Now, the fleet has grown to nine Air Tractor AT-802Fs, fifteen PZL M-18A Dromaders, two Ayres S2-R Thrushes and one Piper PA-25-260 Pawnee.
Avialsa’s primary function is its firefighting operation with the AT-802F, which is also probably the most interesting. In 1995, Avialsa developed a new firefighting system named “AVA” (Aircraft for Vigilance and Attack).
The region of Catalonia (northeastern Spain) decided to test the program. In this region the forest combustion capacity is one of the largest in the world. The high propagation capacity is increased by several meteorological factors (high temperatures and dry winds).
The AVA program reduced drastically the development of fires by detecting the wildfire in its initial phase. The AVA program implemented an immediate initial attack. Otherwise, the wildfire would be uncontrollable in a matter of a few minutes or, in the best case, it would be controlled only after demolishing large forest areas and having to use expensive means of control such as large air tankers and ground forces.

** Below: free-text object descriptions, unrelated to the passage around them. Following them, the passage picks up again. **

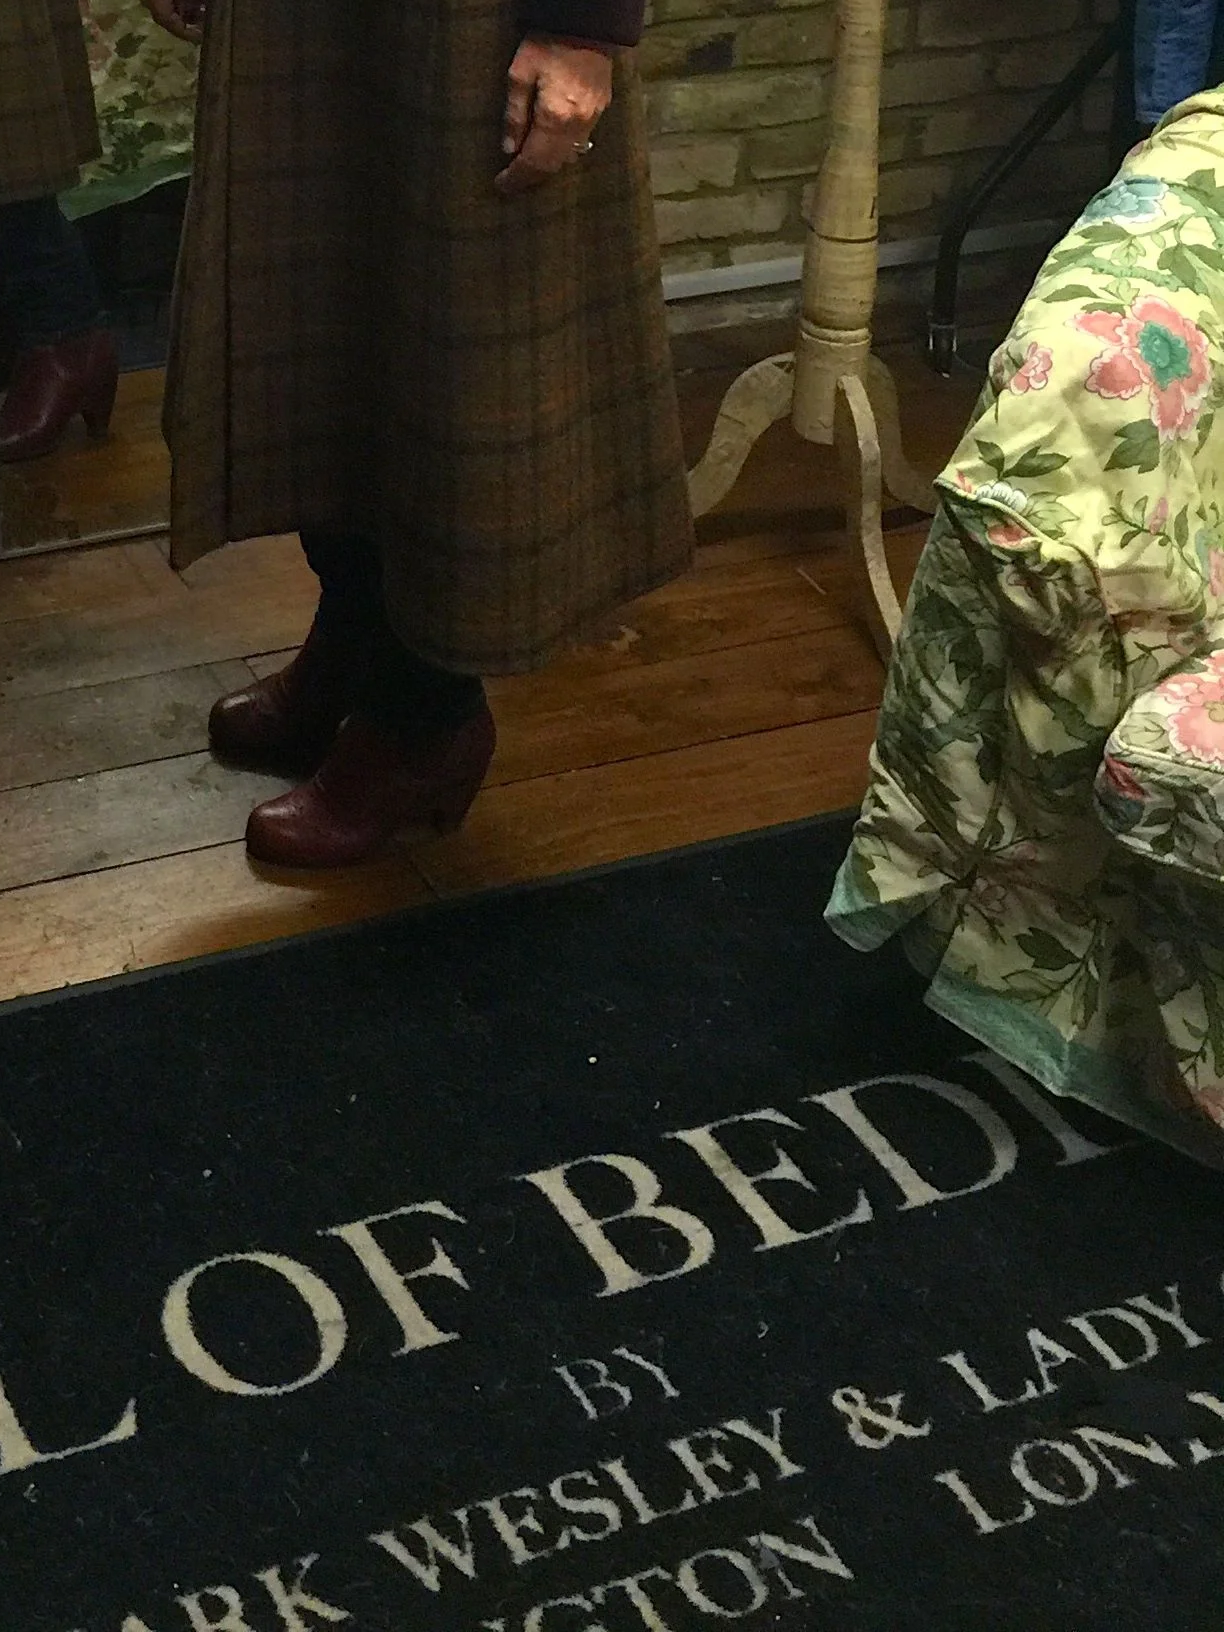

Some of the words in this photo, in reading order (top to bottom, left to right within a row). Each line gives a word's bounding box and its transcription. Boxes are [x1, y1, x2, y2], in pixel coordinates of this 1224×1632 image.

[159, 1200, 471, 1396] OF
[552, 1345, 684, 1421] BY
[370, 1406, 808, 1593] WESLEY
[832, 1385, 932, 1451] &
[939, 1282, 1213, 1414] LADY
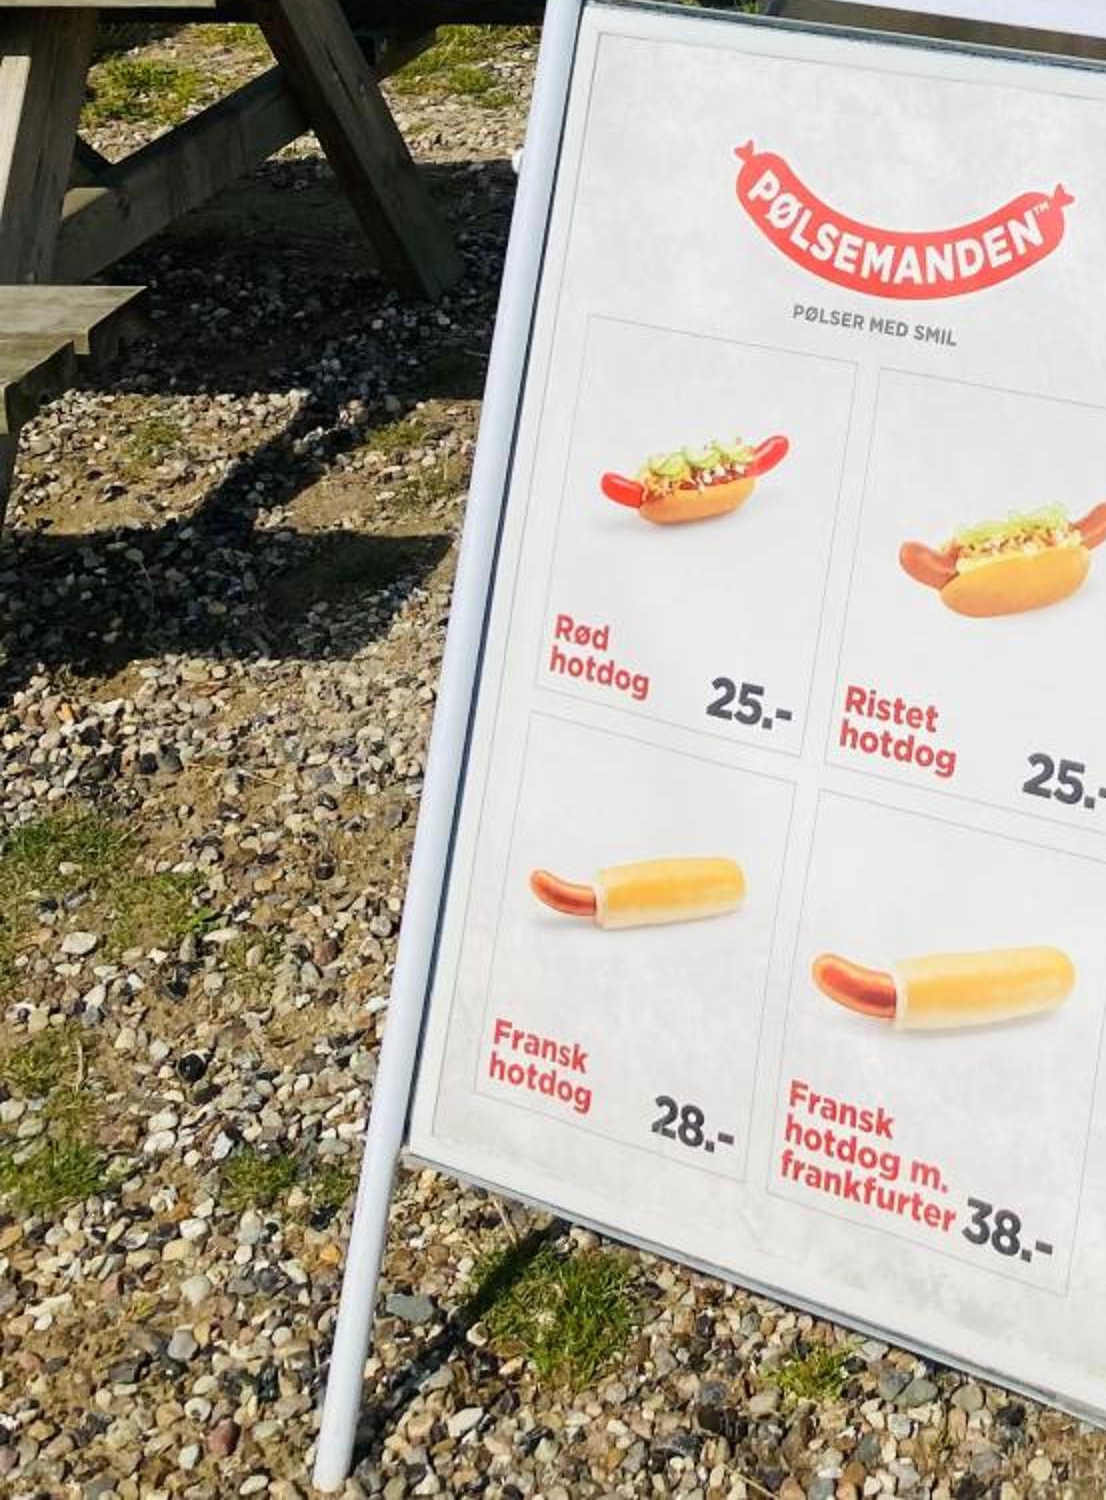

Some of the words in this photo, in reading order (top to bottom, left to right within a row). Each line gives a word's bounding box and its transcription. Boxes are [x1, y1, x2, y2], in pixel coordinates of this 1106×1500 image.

[793, 304, 865, 331] PØLSER
[869, 318, 909, 338] MED
[913, 324, 957, 346] SMIL
[554, 613, 611, 651] Rød
[549, 646, 650, 702] hotdog
[705, 676, 793, 730] 25.-
[844, 684, 940, 733] Ristet
[839, 719, 957, 779] hotdog
[493, 1017, 590, 1075] Fransk
[489, 1051, 593, 1115] hotdog
[788, 1079, 896, 1141] Fransk
[651, 1094, 735, 1153] 28.-
[784, 1113, 901, 1182] hotdog
[910, 1158, 949, 1194] m.
[780, 1149, 957, 1233] frankfurter
[961, 1196, 1053, 1263] 38.-

Avialsa decided to purchase two AT-802Fs for the AVA program. The company decided on Air Tractors instead of expanding the fleet of Dromaders because this extensive flight program required the newest and the most dependable technology available. The two new Air Tractors were delivered in June of 1995 (S/N 802-0018 & -0019).

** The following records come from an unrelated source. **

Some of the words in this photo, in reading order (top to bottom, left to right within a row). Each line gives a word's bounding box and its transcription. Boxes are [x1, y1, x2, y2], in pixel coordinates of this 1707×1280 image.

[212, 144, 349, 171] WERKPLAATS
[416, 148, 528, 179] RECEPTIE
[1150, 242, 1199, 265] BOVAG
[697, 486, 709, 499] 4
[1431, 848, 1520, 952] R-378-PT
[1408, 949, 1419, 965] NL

These two planes were flown 1,290 hours in the first four months after their arrival with 2,560 drops. It really was an extremely hard test for the aircraft. Due the fantastic results obtained from the AT-802Fs, the AVA program was a big success. The AT-802Fs exceeded all expectations in terms of performance, low maintenance and operating cost. Because of this success, Avialsa took delivery of three new AT-802Fs (S/N 802-0027, -0031 and -0032) in the spring 1996, another two in the spring of 1997 (S/N 802-0046 & -0047) and an additional two in the spring of 1998 (S/N 802-0059 & -0064) for a total of nine AT-802Fs.
At this time, the AT-802Fs have logged 7,984 flight hours, 6,477 drops, 5,097,399 US gallons with a 99.74% dispatch reliability (which translates into an AOG problem every 405 firefighting missions). Avialsa also operated three AT-802Fs in South America (Chile) last year.

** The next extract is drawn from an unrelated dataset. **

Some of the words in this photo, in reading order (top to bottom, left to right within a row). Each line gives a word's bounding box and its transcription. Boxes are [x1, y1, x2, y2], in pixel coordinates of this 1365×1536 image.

These three airplanes were ferried there in November and flew back in May, just in time to begin the firefighting season in Spain. It was not easy working from both sides of the Atlantic Ocean on different contracts. However, the high dependability of the Air Tractors made this program work perfectly.
As a note of interest, including the ferry flights from the Air Tractor factory and the program in Chile, Avialsa AT-802Fs have crossed the Atlantic Ocean fourteen times in three years, operated up to 9,800 MSL (wild-fires in Pirineos, Spain), external temperatures from -39 degrees C. (ferry flight Chile to Spain over the Andes mountains at 17,850 ft. altitude) and up to 48 degrees C (Catalonia, July 1998).